Nach diesen einfachen Worten überfiel mich der Wunsch nach Zärtlichkeiten von neuem. Und wie in einer Liebkosung führte ich ihm selbst an der Spitze des Messers den Apfel zum Mund. Während ich dies tat, wollte es ein tückischer Zufall, daß mein junger Freund gerade in diesem Augenblick nießen mußte. Er stolperte förmlich in mein scharfes Messer, und dies mit solcher Gewalt, daß seine Gurgel bald durchschnitten war. Das kam für mich ganz rasch und unvermittelt. Erst als er mit einem gurgelnden Seufzer seine Seele entließ, begriff ich. Bei diesem Anblick schrie ich vor Angst auf, zerfleischte mein Gesicht. Meine Amme, aufgeschreckt von dem Lärm, eilte herbei, und als sie die Szene überblickte, jammerte sie: »0 Prinzessin, was hast du da getan!«

Nur stammelnd konnte ich ihr sagen, wie unvermutet uns da das Mißgeschick ereilt hatte. Der blutende Leichnam war so schauerlich anzusehen, die Furcht meiner Amme vor einer strengen Bestrafung durch meinen Vater so groß, daß sie erbleichend hinsank und starb. Ein Gallengefäß war ihr geplatzt. Oh, nun hatte ich zehnfachen Schmerz zu ertragen! Wo Liebe blühen sollte, herrschte jetzt Verzweiflung. Was tun?! Ich entschloß mich, den Kadaver des Jünglings in ein Zimmer zu zerren, von dem ich wußte, daß es nie betreten wurde. Dort versperrte ich vorsichtig die Tür und nahm den Schlüssel an mich. Die Leiche der Amme, die ich nicht von der Stelle gerückt hatte, bot einen so erschütternden Anblick, daß meine Verzweiflung offen ausbrach.

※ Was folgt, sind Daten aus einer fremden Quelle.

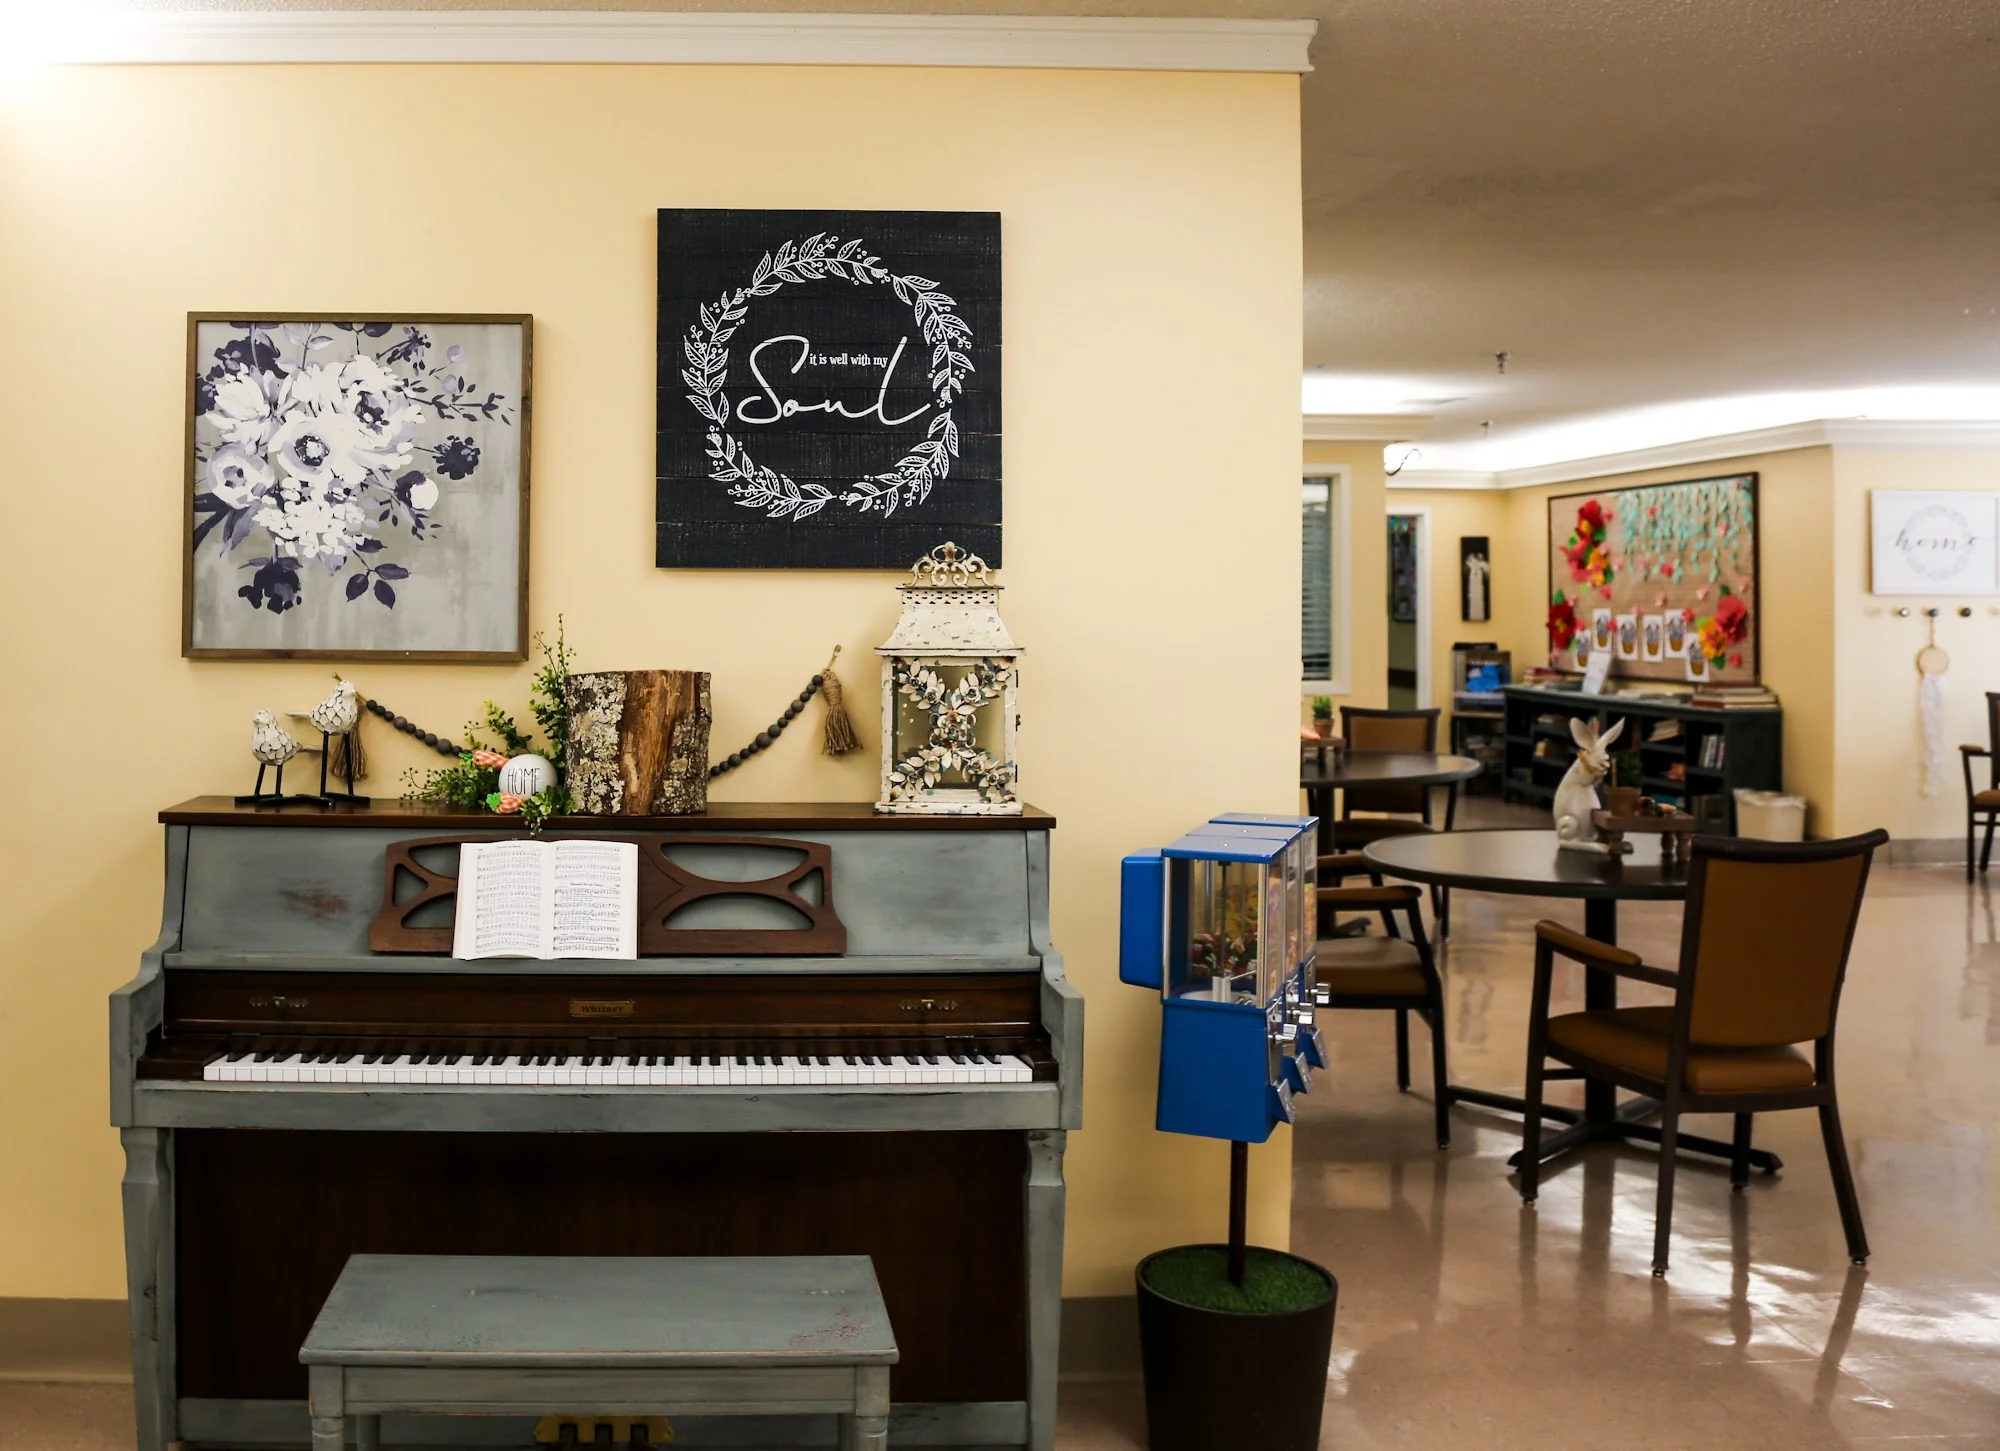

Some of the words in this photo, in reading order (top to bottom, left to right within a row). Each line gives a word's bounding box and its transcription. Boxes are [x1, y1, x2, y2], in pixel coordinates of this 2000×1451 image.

Aus meiner Ohnmacht erwachte ich erst, als der Morgen herankam.

Das Gesinde hegte die Meinung, daß der Tod der Amme wie aus heiterem Himmel gekommen war. Man hatte sie hinausgetragen, bestattet, aber der Körper des jungen Mannes, den ich getötet hatte, lag noch immer verborgen. Nach einigen Tagen verbreitete sich der Geruch des verwesenden Kadavers auch in meine Gemächer und ich wußte nicht mehr, wo ich mich aufhalten sollte. Zudem zitterte ich, daß es jemand wagen könnte, nach der Ursache zu fragen. Dann wäre der Zusammenhang aufgerollt worden und ich hätte die ganze Strenge meines Vaters auf mich geladen. In steter Angst lebte ich dahin, in wachsender Ratlosigkeit.

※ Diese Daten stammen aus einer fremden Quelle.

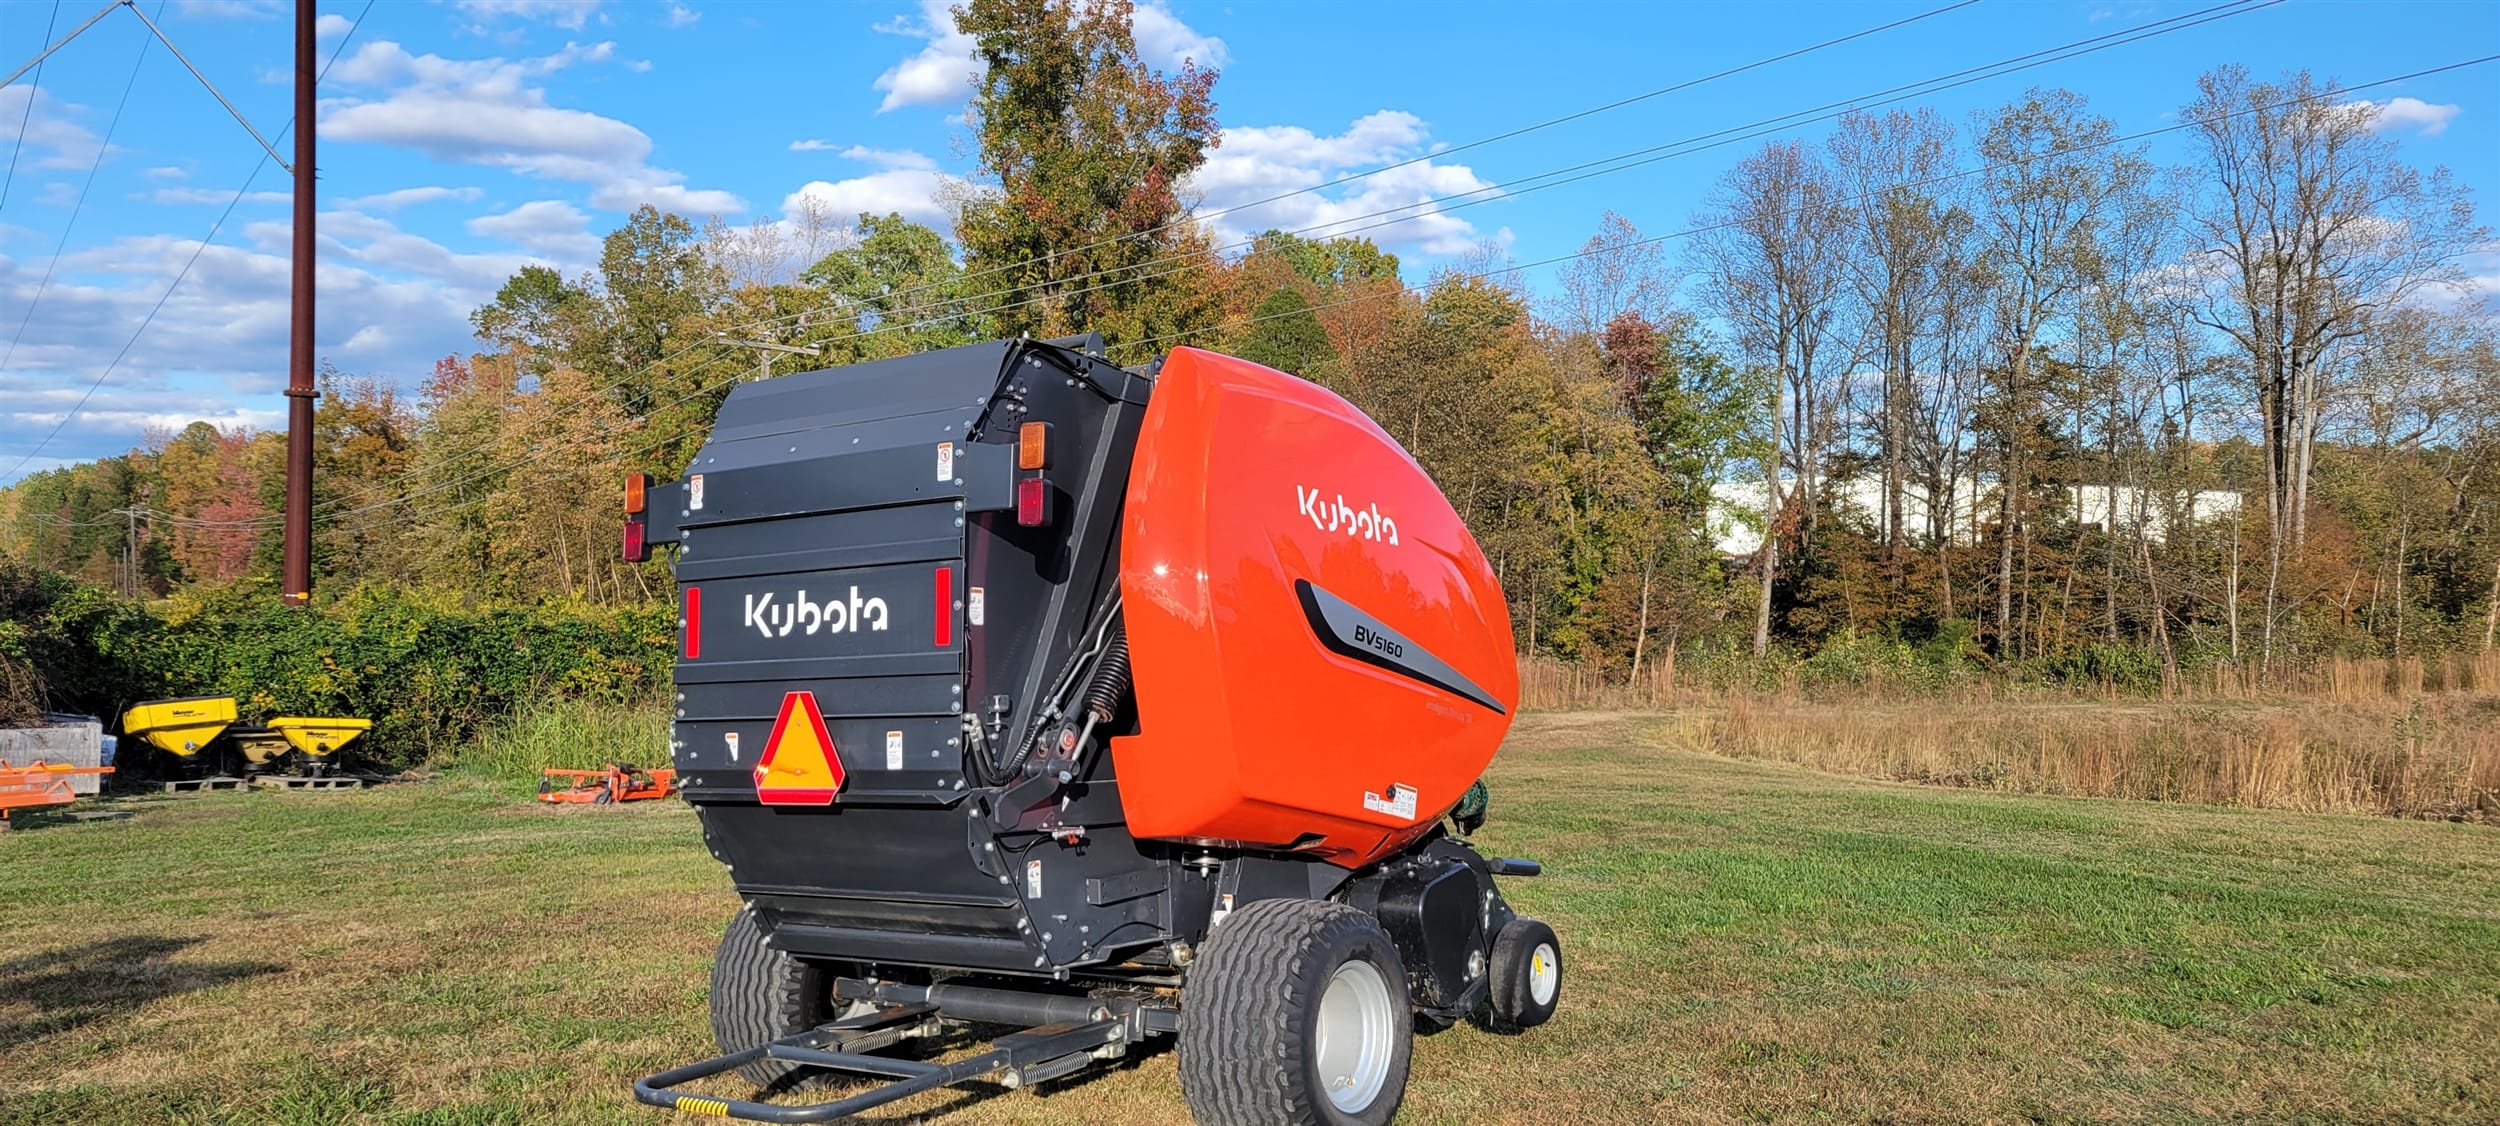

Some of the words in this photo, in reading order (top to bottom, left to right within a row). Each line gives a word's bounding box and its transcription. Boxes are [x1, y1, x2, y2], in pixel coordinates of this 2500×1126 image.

Mein Vater hatte einen schwarzen Sklaven gekauft, der als sehr wohlerzogen galt und der auch bald nur zu seinen Diensten stand. Der Neger versäumte nicht, mich seiner demütigen Ehrerbietung zu versichern. Mein Gefolge liebte es, mit ihm zu lachen und zu plaudern. Eines Tages kam der Neger, als niemand bei mir war. Da ich keinen Rat mehr wußte, wie ich mir helfen sollte, wandte ich mich an ihn und erzählte ihm die Geschichte meines Unglücks.

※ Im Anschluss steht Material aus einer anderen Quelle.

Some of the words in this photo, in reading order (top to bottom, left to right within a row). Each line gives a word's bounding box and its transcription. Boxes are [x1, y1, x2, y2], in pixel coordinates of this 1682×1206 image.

»0 Frau der Frauen, wisse, daß man sich in der Stadt zusammenrottete, um diesen jungen Mann zu suchen, und daß man schon hundert Leute, die man verdächtigte, auf die Folter spannte! Nun zeigt es sich, daß du ihn ermordet hast. Wenn du es verstehst, dich mit mir gut zu verhalten, so will ich dir helfen und den Leichnam verscharren. Wenn nicht, so werde ich nicht zögern, deinem Vater alles zu verraten!«

Vergeblich warf ich mich ihm zu Füßen, umklammerte flehend seine Knie, bot ihm Geld und Gold. Er nahm alles an, aber am Ende der Rechnung überfiel er mich und raubte mir die Jungfräulichkeit. Noch in der Nacht des gleichen Tages holte er den Leichnam des jungen Mannes und begrub ihn heimlich. Jeden Tag zwang er mich, seinen Wünschen willens zu sein. Den Grimm meines Vaters fürchtend, schloß ich die Lippen, und in dieser Haltung einer Erstarrten, Verstummten beschlief mich dieses Tier. Wo war ein Tod, der mich erlösen konnte?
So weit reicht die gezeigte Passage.